PROMPT
Although the entries contain pictures, only their text goes into the copy, set down exactly.

PROVIDED ENTRIES
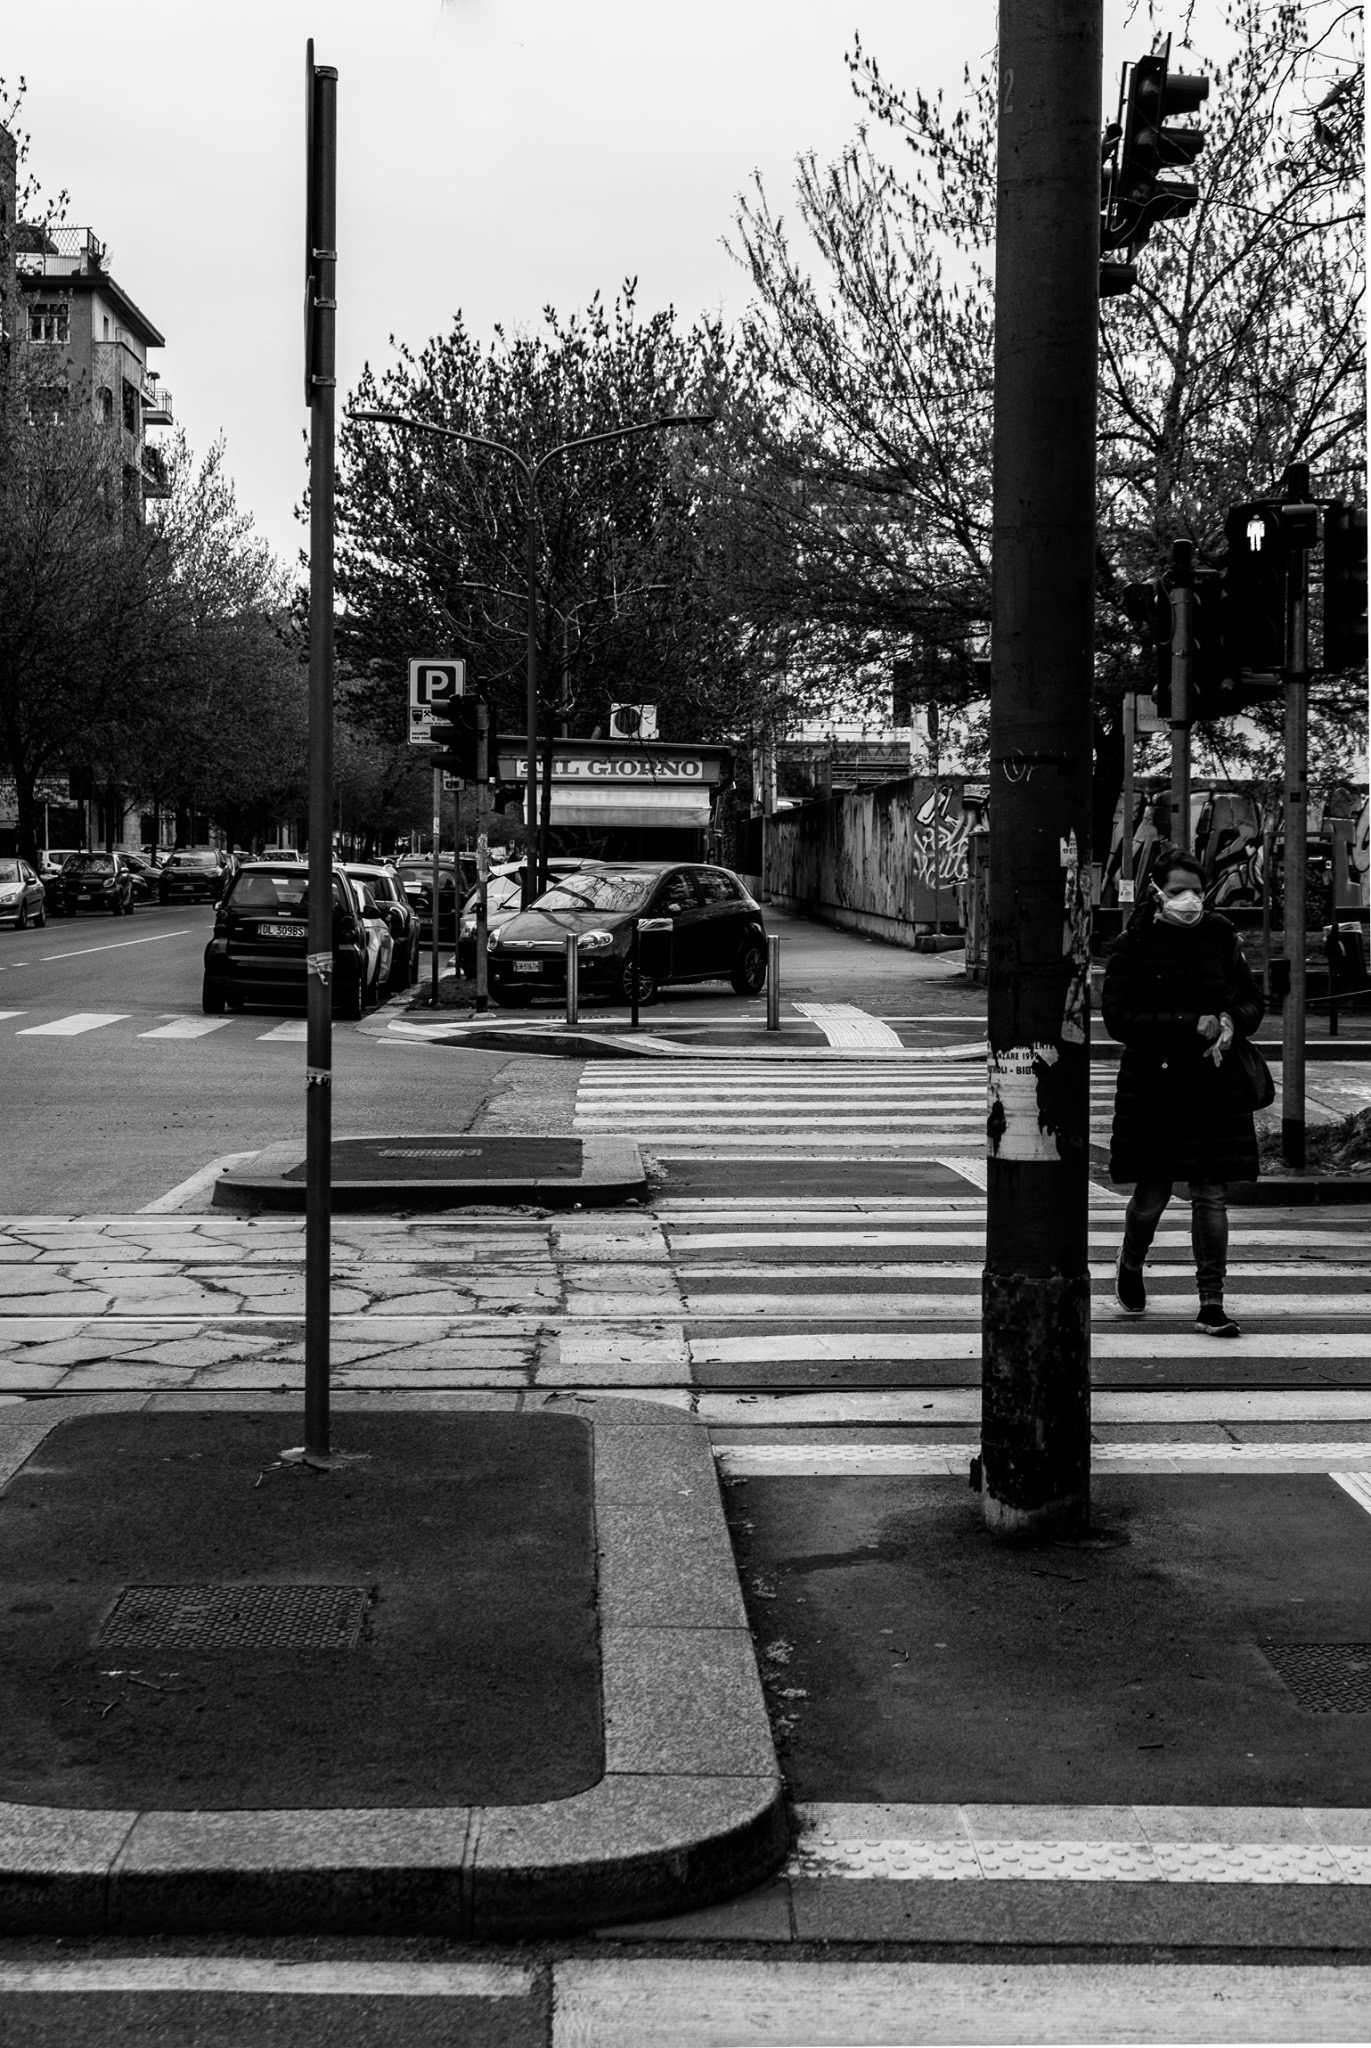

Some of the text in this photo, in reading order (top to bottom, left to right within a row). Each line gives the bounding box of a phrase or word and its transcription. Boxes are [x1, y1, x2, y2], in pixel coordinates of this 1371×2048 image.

[1003, 68, 1014, 114] 2
[426, 670, 449, 700] P
[588, 760, 700, 776] GIORNO
[262, 925, 304, 936] DL 309BS

SOLUTION TO THE EXERCISE
Some of the text in this photo, in reading order (top to bottom, left to right within a row). Each line gives the bounding box of a phrase or word and its transcription. Boxes are [x1, y1, x2, y2], in pixel coordinates of this 1371×2048 image.

[1003, 68, 1014, 114] 2
[426, 670, 449, 700] P
[588, 760, 700, 776] GIORNO
[262, 925, 304, 936] DL 309BS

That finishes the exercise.